=== Data for the task ===
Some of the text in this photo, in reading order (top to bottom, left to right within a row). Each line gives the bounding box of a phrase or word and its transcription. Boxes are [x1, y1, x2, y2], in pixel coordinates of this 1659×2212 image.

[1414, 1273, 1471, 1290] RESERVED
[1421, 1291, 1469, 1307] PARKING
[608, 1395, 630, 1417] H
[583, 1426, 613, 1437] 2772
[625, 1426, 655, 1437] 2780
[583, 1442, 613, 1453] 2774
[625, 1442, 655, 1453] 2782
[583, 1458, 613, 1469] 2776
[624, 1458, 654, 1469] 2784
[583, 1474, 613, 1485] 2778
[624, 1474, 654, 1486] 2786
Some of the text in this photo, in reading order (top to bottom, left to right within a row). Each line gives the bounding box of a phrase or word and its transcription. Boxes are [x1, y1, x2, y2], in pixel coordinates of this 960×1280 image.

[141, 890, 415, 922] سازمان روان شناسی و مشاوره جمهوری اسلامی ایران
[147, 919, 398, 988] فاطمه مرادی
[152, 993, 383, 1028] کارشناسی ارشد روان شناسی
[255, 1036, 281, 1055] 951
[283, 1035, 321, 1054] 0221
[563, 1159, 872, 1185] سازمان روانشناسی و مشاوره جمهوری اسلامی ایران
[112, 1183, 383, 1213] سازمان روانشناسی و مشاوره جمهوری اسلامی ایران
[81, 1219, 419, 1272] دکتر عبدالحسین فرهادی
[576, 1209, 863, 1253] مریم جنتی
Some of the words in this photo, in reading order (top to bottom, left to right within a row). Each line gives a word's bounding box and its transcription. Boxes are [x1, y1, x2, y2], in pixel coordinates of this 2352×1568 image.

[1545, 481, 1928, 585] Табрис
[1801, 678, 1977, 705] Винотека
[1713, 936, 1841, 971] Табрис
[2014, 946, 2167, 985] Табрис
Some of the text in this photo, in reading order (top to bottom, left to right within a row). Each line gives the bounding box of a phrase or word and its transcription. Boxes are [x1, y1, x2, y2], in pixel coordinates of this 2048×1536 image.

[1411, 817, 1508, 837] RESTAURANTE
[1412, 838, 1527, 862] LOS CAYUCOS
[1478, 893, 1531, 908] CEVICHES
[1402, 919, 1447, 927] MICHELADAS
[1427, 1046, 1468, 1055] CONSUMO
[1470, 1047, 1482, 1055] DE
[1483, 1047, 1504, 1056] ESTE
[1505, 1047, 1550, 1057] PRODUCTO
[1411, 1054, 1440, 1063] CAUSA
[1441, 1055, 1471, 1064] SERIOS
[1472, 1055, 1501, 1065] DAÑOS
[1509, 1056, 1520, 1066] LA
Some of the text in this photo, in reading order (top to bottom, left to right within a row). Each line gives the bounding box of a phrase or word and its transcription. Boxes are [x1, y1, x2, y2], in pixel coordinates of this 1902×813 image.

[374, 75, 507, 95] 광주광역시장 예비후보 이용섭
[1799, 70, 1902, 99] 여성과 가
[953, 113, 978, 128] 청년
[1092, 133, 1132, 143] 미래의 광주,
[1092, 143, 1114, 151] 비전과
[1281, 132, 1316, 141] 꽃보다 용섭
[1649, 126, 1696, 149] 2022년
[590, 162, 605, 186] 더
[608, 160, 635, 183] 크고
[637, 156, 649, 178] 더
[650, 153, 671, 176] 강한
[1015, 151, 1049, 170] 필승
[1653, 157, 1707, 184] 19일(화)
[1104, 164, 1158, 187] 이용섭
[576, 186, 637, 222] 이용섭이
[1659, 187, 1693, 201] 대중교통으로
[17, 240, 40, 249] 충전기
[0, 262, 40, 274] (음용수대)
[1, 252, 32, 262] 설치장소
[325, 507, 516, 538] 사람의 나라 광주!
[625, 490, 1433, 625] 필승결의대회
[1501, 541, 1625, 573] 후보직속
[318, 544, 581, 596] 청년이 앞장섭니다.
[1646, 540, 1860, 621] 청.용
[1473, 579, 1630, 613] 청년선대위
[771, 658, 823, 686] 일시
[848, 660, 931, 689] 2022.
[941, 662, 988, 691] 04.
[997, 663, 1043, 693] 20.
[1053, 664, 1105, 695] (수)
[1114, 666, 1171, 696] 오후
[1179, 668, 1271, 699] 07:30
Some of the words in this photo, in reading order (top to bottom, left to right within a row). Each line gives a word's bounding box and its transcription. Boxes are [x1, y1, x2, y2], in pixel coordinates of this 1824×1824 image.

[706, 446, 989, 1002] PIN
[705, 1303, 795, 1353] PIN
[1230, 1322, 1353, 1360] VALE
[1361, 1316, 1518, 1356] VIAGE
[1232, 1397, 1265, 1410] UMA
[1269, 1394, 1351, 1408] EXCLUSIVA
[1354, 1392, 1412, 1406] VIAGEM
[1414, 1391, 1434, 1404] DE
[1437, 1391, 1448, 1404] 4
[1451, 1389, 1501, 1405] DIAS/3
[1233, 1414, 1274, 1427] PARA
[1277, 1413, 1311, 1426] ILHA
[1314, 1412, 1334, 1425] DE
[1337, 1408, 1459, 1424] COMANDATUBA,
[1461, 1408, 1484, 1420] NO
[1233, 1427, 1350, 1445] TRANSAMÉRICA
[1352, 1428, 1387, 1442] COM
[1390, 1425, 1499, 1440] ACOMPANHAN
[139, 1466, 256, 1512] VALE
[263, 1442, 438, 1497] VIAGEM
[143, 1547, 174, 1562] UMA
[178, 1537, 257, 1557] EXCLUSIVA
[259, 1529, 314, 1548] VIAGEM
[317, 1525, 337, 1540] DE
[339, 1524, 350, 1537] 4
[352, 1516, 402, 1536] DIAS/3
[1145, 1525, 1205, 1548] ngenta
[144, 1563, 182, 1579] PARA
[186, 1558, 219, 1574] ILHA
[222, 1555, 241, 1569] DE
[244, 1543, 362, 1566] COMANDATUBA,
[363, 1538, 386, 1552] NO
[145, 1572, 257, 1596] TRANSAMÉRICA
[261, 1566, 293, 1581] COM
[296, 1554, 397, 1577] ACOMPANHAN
===
■ **Aim of the task**
An exact copy of every line above, start to finish, is required.

■ **Solution to this problem**
Some of the text in this photo, in reading order (top to bottom, left to right within a row). Each line gives the bounding box of a phrase or word and its transcription. Boxes are [x1, y1, x2, y2], in pixel coordinates of this 1659×2212 image.

[1414, 1273, 1471, 1290] RESERVED
[1421, 1291, 1469, 1307] PARKING
[608, 1395, 630, 1417] H
[583, 1426, 613, 1437] 2772
[625, 1426, 655, 1437] 2780
[583, 1442, 613, 1453] 2774
[625, 1442, 655, 1453] 2782
[583, 1458, 613, 1469] 2776
[624, 1458, 654, 1469] 2784
[583, 1474, 613, 1485] 2778
[624, 1474, 654, 1486] 2786
Some of the text in this photo, in reading order (top to bottom, left to right within a row). Each line gives the bounding box of a phrase or word and its transcription. Boxes are [x1, y1, x2, y2], in pixel coordinates of this 960×1280 image.

[141, 890, 415, 922] سازمان روان شناسی و مشاوره جمهوری اسلامی ایران
[147, 919, 398, 988] فاطمه مرادی
[152, 993, 383, 1028] کارشناسی ارشد روان شناسی
[255, 1036, 281, 1055] 951
[283, 1035, 321, 1054] 0221
[563, 1159, 872, 1185] سازمان روانشناسی و مشاوره جمهوری اسلامی ایران
[112, 1183, 383, 1213] سازمان روانشناسی و مشاوره جمهوری اسلامی ایران
[81, 1219, 419, 1272] دکتر عبدالحسین فرهادی
[576, 1209, 863, 1253] مریم جنتی
Some of the words in this photo, in reading order (top to bottom, left to right within a row). Each line gives a word's bounding box and its transcription. Boxes are [x1, y1, x2, y2], in pixel coordinates of this 2352×1568 image.

[1545, 481, 1928, 585] Табрис
[1801, 678, 1977, 705] Винотека
[1713, 936, 1841, 971] Табрис
[2014, 946, 2167, 985] Табрис
Some of the text in this photo, in reading order (top to bottom, left to right within a row). Each line gives the bounding box of a phrase or word and its transcription. Boxes are [x1, y1, x2, y2], in pixel coordinates of this 2048×1536 image.

[1411, 817, 1508, 837] RESTAURANTE
[1412, 838, 1527, 862] LOS CAYUCOS
[1478, 893, 1531, 908] CEVICHES
[1402, 919, 1447, 927] MICHELADAS
[1427, 1046, 1468, 1055] CONSUMO
[1470, 1047, 1482, 1055] DE
[1483, 1047, 1504, 1056] ESTE
[1505, 1047, 1550, 1057] PRODUCTO
[1411, 1054, 1440, 1063] CAUSA
[1441, 1055, 1471, 1064] SERIOS
[1472, 1055, 1501, 1065] DAÑOS
[1509, 1056, 1520, 1066] LA
Some of the text in this photo, in reading order (top to bottom, left to right within a row). Each line gives the bounding box of a phrase or word and its transcription. Boxes are [x1, y1, x2, y2], in pixel coordinates of this 1902×813 image.

[374, 75, 507, 95] 광주광역시장 예비후보 이용섭
[1799, 70, 1902, 99] 여성과 가
[953, 113, 978, 128] 청년
[1092, 133, 1132, 143] 미래의 광주,
[1092, 143, 1114, 151] 비전과
[1281, 132, 1316, 141] 꽃보다 용섭
[1649, 126, 1696, 149] 2022년
[590, 162, 605, 186] 더
[608, 160, 635, 183] 크고
[637, 156, 649, 178] 더
[650, 153, 671, 176] 강한
[1015, 151, 1049, 170] 필승
[1653, 157, 1707, 184] 19일(화)
[1104, 164, 1158, 187] 이용섭
[576, 186, 637, 222] 이용섭이
[1659, 187, 1693, 201] 대중교통으로
[17, 240, 40, 249] 충전기
[0, 262, 40, 274] (음용수대)
[1, 252, 32, 262] 설치장소
[325, 507, 516, 538] 사람의 나라 광주!
[625, 490, 1433, 625] 필승결의대회
[1501, 541, 1625, 573] 후보직속
[318, 544, 581, 596] 청년이 앞장섭니다.
[1646, 540, 1860, 621] 청.용
[1473, 579, 1630, 613] 청년선대위
[771, 658, 823, 686] 일시
[848, 660, 931, 689] 2022.
[941, 662, 988, 691] 04.
[997, 663, 1043, 693] 20.
[1053, 664, 1105, 695] (수)
[1114, 666, 1171, 696] 오후
[1179, 668, 1271, 699] 07:30
Some of the words in this photo, in reading order (top to bottom, left to right within a row). Each line gives a word's bounding box and its transcription. Boxes are [x1, y1, x2, y2], in pixel coordinates of this 1824×1824 image.

[706, 446, 989, 1002] PIN
[705, 1303, 795, 1353] PIN
[1230, 1322, 1353, 1360] VALE
[1361, 1316, 1518, 1356] VIAGE
[1232, 1397, 1265, 1410] UMA
[1269, 1394, 1351, 1408] EXCLUSIVA
[1354, 1392, 1412, 1406] VIAGEM
[1414, 1391, 1434, 1404] DE
[1437, 1391, 1448, 1404] 4
[1451, 1389, 1501, 1405] DIAS/3
[1233, 1414, 1274, 1427] PARA
[1277, 1413, 1311, 1426] ILHA
[1314, 1412, 1334, 1425] DE
[1337, 1408, 1459, 1424] COMANDATUBA,
[1461, 1408, 1484, 1420] NO
[1233, 1427, 1350, 1445] TRANSAMÉRICA
[1352, 1428, 1387, 1442] COM
[1390, 1425, 1499, 1440] ACOMPANHAN
[139, 1466, 256, 1512] VALE
[263, 1442, 438, 1497] VIAGEM
[143, 1547, 174, 1562] UMA
[178, 1537, 257, 1557] EXCLUSIVA
[259, 1529, 314, 1548] VIAGEM
[317, 1525, 337, 1540] DE
[339, 1524, 350, 1537] 4
[352, 1516, 402, 1536] DIAS/3
[1145, 1525, 1205, 1548] ngenta
[144, 1563, 182, 1579] PARA
[186, 1558, 219, 1574] ILHA
[222, 1555, 241, 1569] DE
[244, 1543, 362, 1566] COMANDATUBA,
[363, 1538, 386, 1552] NO
[145, 1572, 257, 1596] TRANSAMÉRICA
[261, 1566, 293, 1581] COM
[296, 1554, 397, 1577] ACOMPANHAN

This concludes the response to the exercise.